Vita Trentina – 3.5.2015
Bolzano – Archiviata con successo l’edizione 2015 del Festival delle Resistenze Contemporanee, andata in scena a settant’anni dalla fine della Seconda guerra mondiale e della Liberazione. Bilancio positivo, secondo gli organizzatori, per l’iniziativa che ha visto coinvolte le città di Bolzano, con piazza Matteotti, e quelle di Merano, Bressanone e Trento. I tre giorni di festival (24-26 aprile) e le tre anteprime hanno catalizzato l’attenzione di oltre tremila persone presenti ai vari appuntamenti, eventi, incontri e laboratori.

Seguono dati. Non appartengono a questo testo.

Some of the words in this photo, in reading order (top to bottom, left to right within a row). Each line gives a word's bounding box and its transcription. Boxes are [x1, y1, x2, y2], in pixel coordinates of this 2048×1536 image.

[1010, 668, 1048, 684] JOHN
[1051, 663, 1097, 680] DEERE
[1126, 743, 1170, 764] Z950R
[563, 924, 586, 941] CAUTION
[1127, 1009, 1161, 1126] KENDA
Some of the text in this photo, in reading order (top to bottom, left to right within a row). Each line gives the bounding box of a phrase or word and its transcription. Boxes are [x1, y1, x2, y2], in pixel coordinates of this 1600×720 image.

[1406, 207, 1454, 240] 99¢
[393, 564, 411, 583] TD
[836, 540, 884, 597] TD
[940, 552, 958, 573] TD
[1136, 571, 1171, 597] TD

La sera del 24 aprile, a Bolzano, nel corso di un affollato dibattito, gli scout della regione hanno consegnato ai presidenti delle due Province, Arno Kompatscher e Ugo Rossi, e al vicepresidente della Provincia Christian Tommasini la Carta del coraggio, elaborata in occasione della Route nazionale R/S svoltasi a San Rossore nello scorso mese di agosto.

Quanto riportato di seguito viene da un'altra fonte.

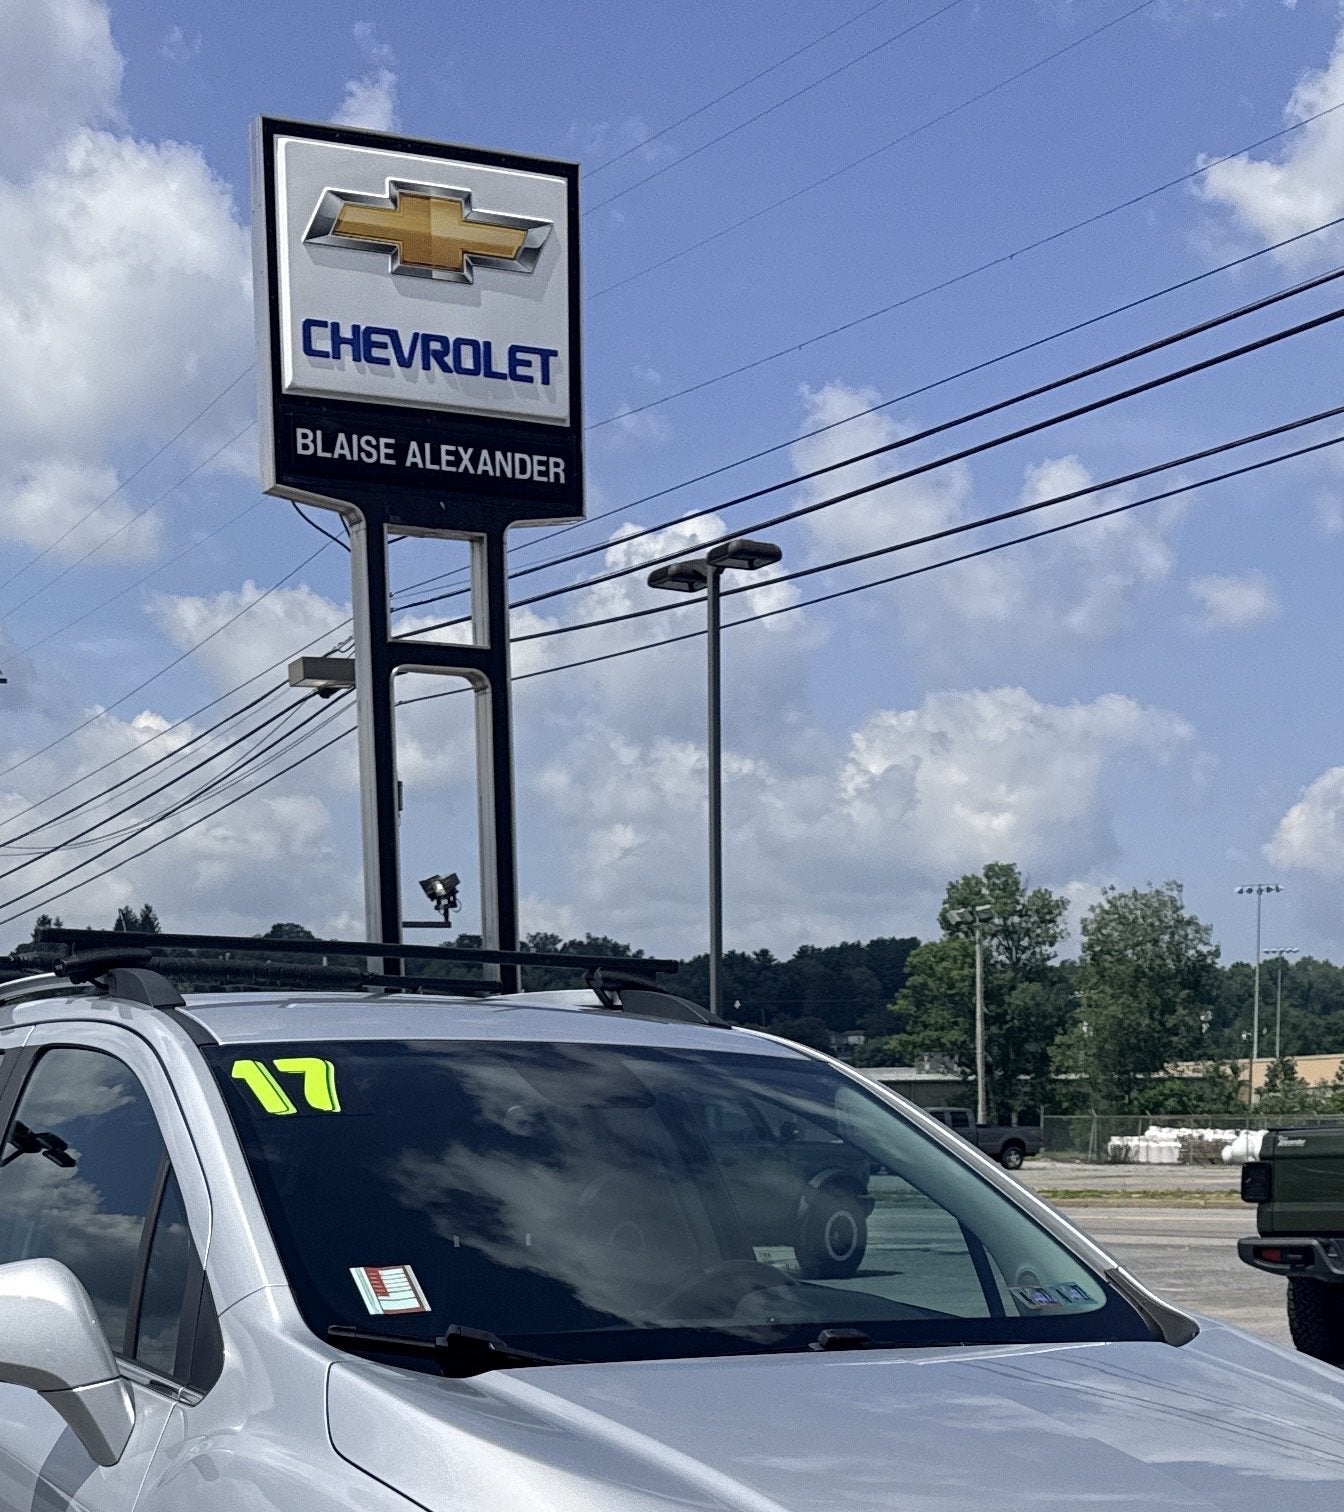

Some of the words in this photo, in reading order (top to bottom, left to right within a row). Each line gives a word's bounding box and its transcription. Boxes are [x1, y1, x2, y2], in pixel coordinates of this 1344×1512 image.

[302, 318, 558, 386] CHEVROLET
[296, 427, 397, 466] BLAISE
[405, 440, 566, 484] ALEXANDER
[231, 1057, 342, 1116] 17

Scopo dell’intero progetto, spiegano gli organizzatori del Festival, è “di interrogarsi con i giovani e con l’intera cittadinanza, a livello locale e non, su quali possano essere le strade da intraprendere per affrontare il presente attraverso una nuova prospettiva, fatta di parole come ‘impegno’, ‘coraggio’, ‘comunità corresponsabili’, ‘economia collaborativa’, ‘innovazione sociale’, ‘auto-impiego’, ‘bene comune’”. Il macroprogetto “Piattaforma delle resistenze contemporanee” è iniziato nel novembre 2014 e proseguirà oltre il Festival bolzanino per approdare al “nuovo” Festival a Trento il prossimo 7 novembre.